ESPECTáCULOS
“A penar de toro”, el encuentro entre un matador y García Lorca
Basándose en la historia de Ignacio Sánchez Mejías, Diego Starosta le dio forma a una obra pasional, definida como “réquiem teatral”.
Por Cecilia Hopkins
En agosto de 1934, a los 45 años, en un pueblo de La Mancha, el torero Ignacio Sánchez Mejías moría a raíz de una cornada que le atravesó el muslo de lado a lado. El hombre había resuelto volver a torear –ya había participado de 424 corridas y matado 880 toros– luego de siete años de ausencia en el ruedo, desde que había decidido volcarse de lleno a la literatura y probar suerte con el teatro, como dramaturgo. Hacia 1927 había tenido la oportunidad de conocer a Federico García Lorca y frecuentar el mismo círculo de amistades.

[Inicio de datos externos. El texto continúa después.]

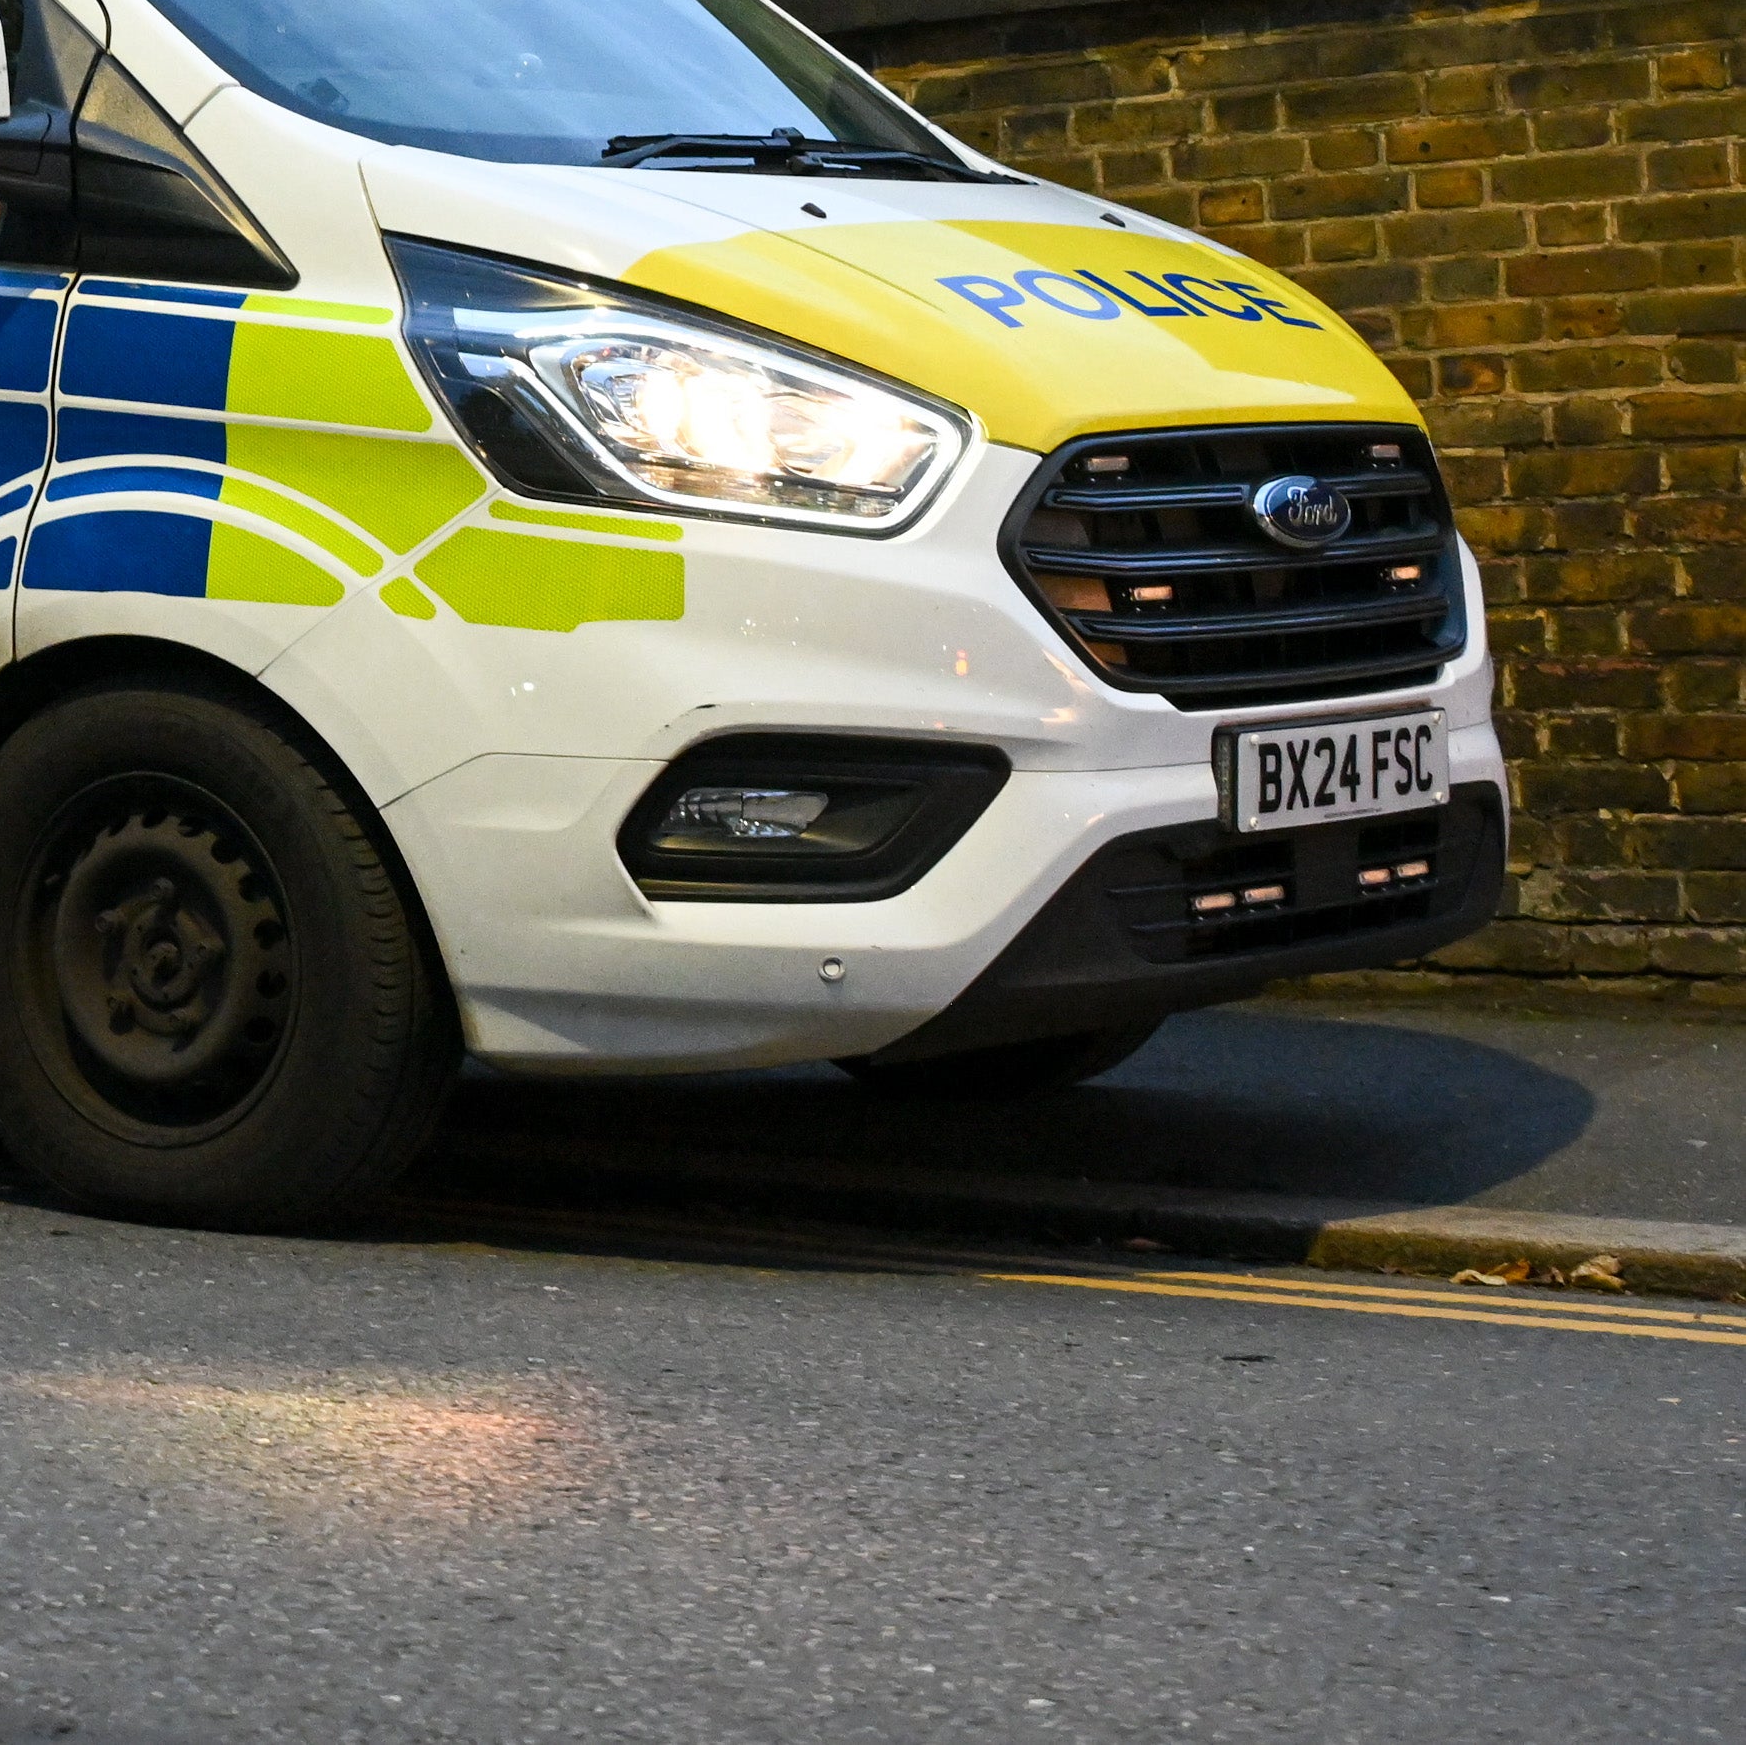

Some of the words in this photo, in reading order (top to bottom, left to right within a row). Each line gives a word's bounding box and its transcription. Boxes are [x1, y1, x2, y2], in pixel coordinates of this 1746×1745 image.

[934, 269, 1325, 330] POLICE
[1287, 485, 1338, 526] Ford
[1258, 733, 1361, 813] BX24
[1372, 724, 1433, 800] FSC

El poeta Rafael Alberti lo recordó como a un hombre que “en lo físico y en todo no era un andaluz de gitanería sino clásico, grave, perfilado y severo de la Sevilla romana de Trajano. Mas a pesar de su aire pensativo, solía ser divertido, gracioso y burlón”. Estando en Madrid, a días de conocida la noticia, Lorca escribió en homenaje a su amigo un extenso poema que llamó “Llanto por la muerte de Ignacio Sánchez Mejías”, justo dos años antes de morir él mismo, también en agosto, pero asesinado por la guardia civil en las afueras de Granada. Inspirado en la vida del torero y en textos del propio Lorca, el actor y director Diego Starosta realizó la dramaturgia de A penar de toro, espectáculo que definió como “réquiem teatral”.
Con la camisa manchada de sangre, un personaje se incorpora del cajón donde yacía hasta el momento para sacar a paladas de su interior las flores rojas que luego tapizan el escenario. ¿Es el mismo García Lorca, con las señas del fusilamiento sobre el pecho, o es el torero que en el poema detenía su vida “a las cinco en punto de la tarde”? Con el correr del espectáculo se aclaran algunas cosas y se propone un juego de ambigüedad en otras. La misma camisa ensangrentada aparece multiplicada en los paneles que cubren el fondo de la escena, esta vez no solamente en alusión a los dos andaluces muertos en violentas circunstancias, sino también a otros que cayeron tal vez por muerte natural pero igualmente enfrentados a sus destinos. Porque en la obra, la acechanza de la muerte y otros desafíos que plantea la vida no son temas solamente referidos a los dos personajes mencionados. También aparecen vinculados al acontecer del hombre común, según se descubre en los versos y canciones de diferentes orígenes que se hacen oír a lo largo del montaje.
Tomando al denim azul como tela de base, el vestuario de los tres personajes –el torero/poeta (el propio Starosta), su amada (Moyra Agrelo) y un enigmático personaje (Walter Velázquez) sabedor del arte de los toros, mediador entre la vida y la muerte– mantiene en los tres casos discretas resonancias españolas, pero también un cierto aire tanguero que los torna cercanos. El trío construye en contrapunto una seguidilla de briosas danzas de rechazos y persecuciones, base rítmica sobre la que se imprime una letanía de textos poéticos que enhebra un dramatismo que, a sabiendas, suena distante y sin énfasis. No obstante, la pasión no está para nada ausente desde el momento en que el arte de la tauromaquia se expone como metáfora de la lucha por la vida. A la incesante danza de los anhelos y bruscos desencuentros amorosos le sigue el ritual de la despedida. Pero ya no hay penas que rememorar sino que basta una copa de vino para celebrar con mansedumbre –y alguna humorada– el fin de la existencia. Y una delicada melodía que va apagándose para simbolizar elpaso de una forma de vida a otra. Si bien el montaje de Starosta es rico en imágenes y situaciones, el espectáculo flaquea en el diseño de iluminación: una luz mortecina crea un exceso de sombras que por momentos desluce formas y colores, restando atractivo a escenas y personajes.